MD5 vs CRC32: Which one's better for common use?

65,940

Solution 1

MD5 is a one-way-hash algorithm. One-way-hash algorithms are often used in cryptography as they have the property (per design) that it's hard to find the input that produced a specific hash value. Specifically it's hard to make two different inputs that give the same one-way-hash. They are often used as a way to show that an amount of data has not been altered intentionally since the hash code was produced. As the MD5 is a one-way-hash algorithm the emphasis is on security over speed. Unfortunately MD5 is now considered insecure.

CRC32 is designed to detect accidental changes to data and is commonly used in networks and storage devices.
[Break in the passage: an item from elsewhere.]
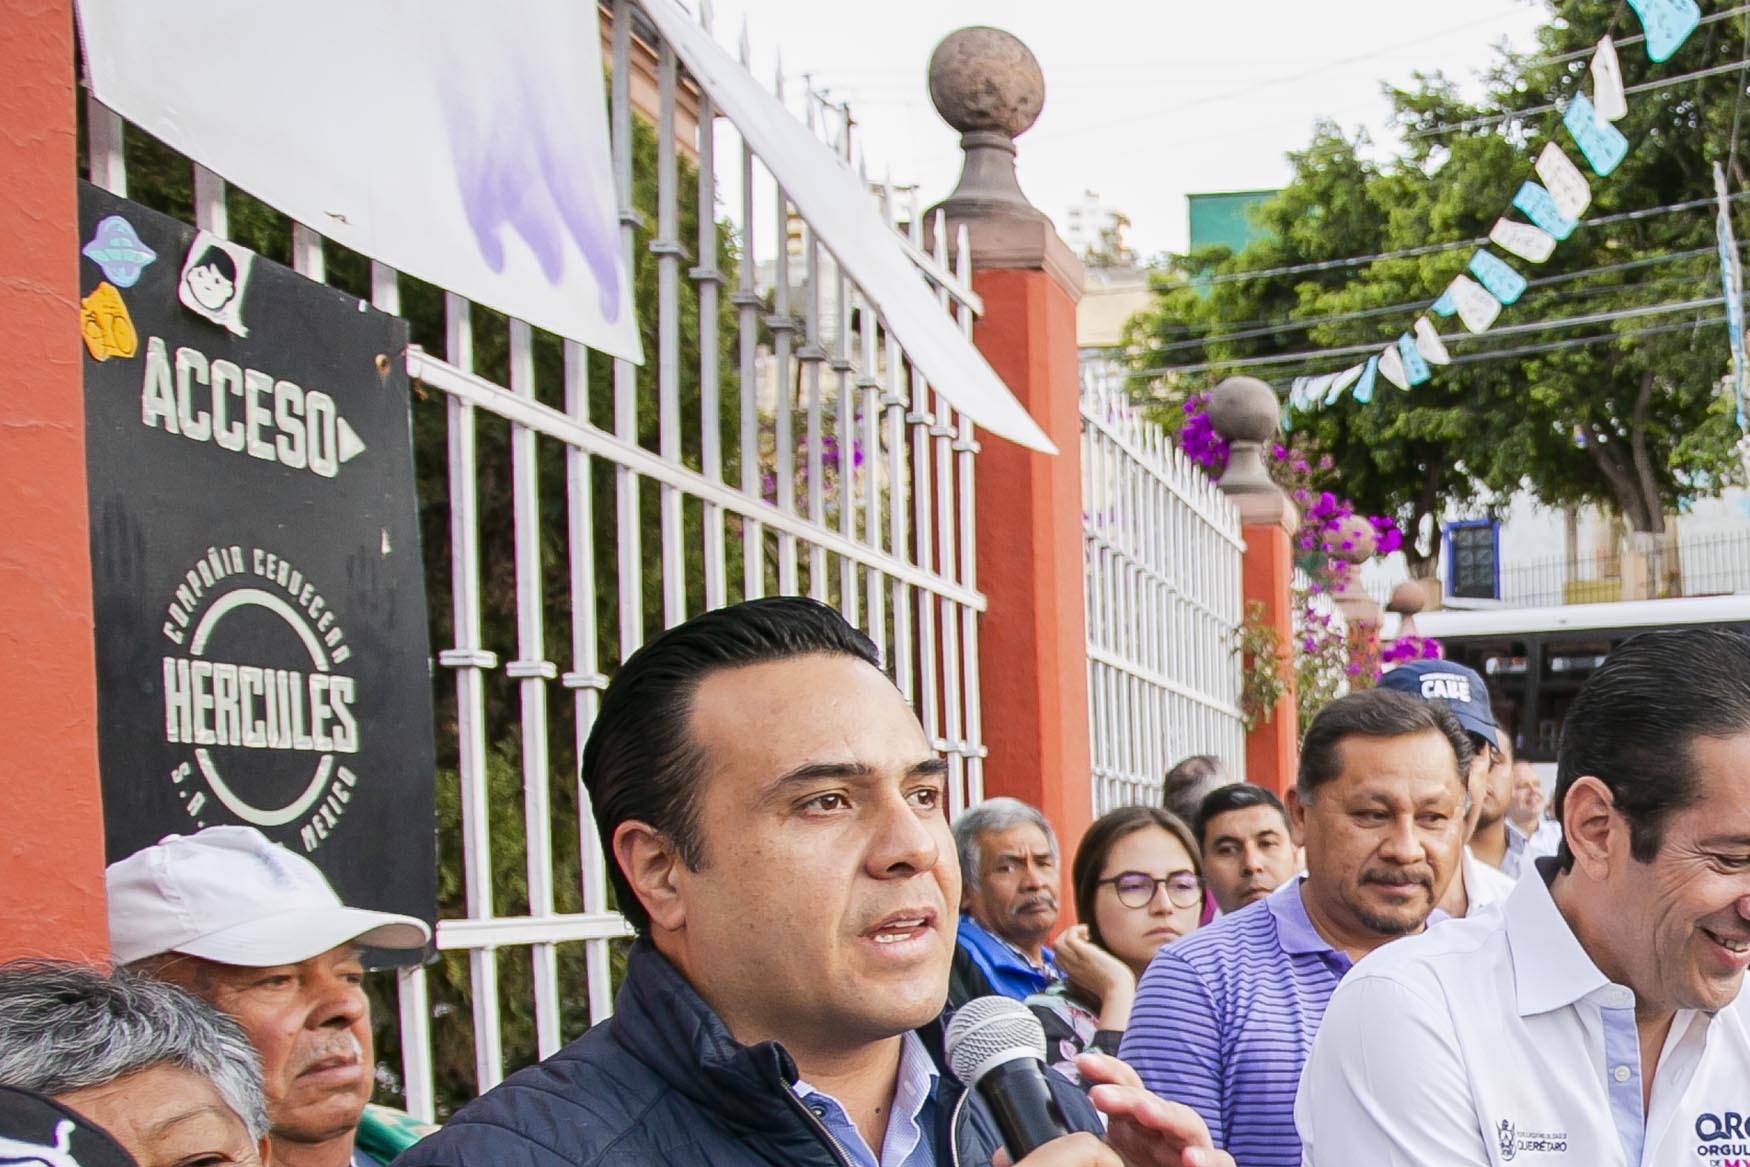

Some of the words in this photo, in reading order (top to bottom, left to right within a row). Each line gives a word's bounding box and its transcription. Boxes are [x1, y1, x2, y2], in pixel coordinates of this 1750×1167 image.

The purpose of this algorithm is not to protect against intentional changes, but rather to catch accidents like network errors and disk write errors, etc. The emphasis of this algorithm is more on speed than on security.

Solution 2

From Wikipedia's article on MD5 (emphasis mine):

MD5 is a widely used cryptographic hash function

Now CRC32:

CRC is an error-detecting code

So, as you can see, CRC32 is not a hashing algorithm. That means you should not use it for hashing, because it was not built for that.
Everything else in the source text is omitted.